Provided data >>
◇ ◇ ◇ ◇

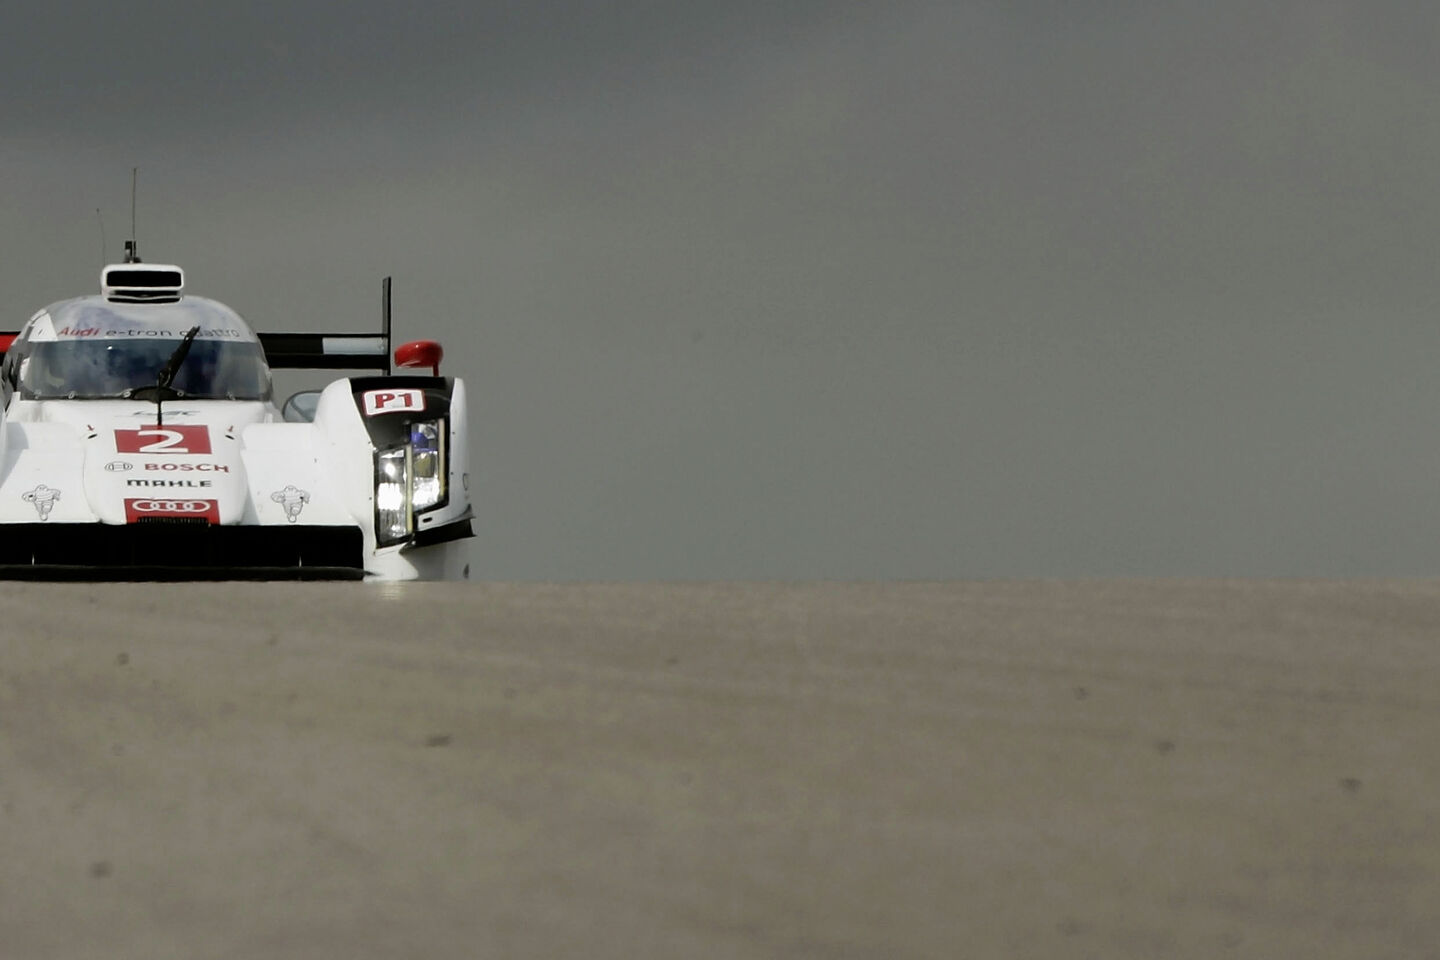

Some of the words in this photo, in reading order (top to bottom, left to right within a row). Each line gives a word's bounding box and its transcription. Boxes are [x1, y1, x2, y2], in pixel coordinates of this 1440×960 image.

[59, 326, 102, 337] Audi
[106, 327, 172, 337] e-tron
[375, 392, 412, 409] P1
[137, 429, 189, 453] 2
[144, 463, 229, 473] BOSCH

◇ ◇ ◇ ◇

What you have to do >> A verbatim copy of all the records, minus the pictures, is the expected answer.

Answer for the task >>
Some of the words in this photo, in reading order (top to bottom, left to right within a row). Each line gives a word's bounding box and its transcription. Boxes are [x1, y1, x2, y2], in pixel coordinates of this 1440×960 image.

[59, 326, 102, 337] Audi
[106, 327, 172, 337] e-tron
[375, 392, 412, 409] P1
[137, 429, 189, 453] 2
[144, 463, 229, 473] BOSCH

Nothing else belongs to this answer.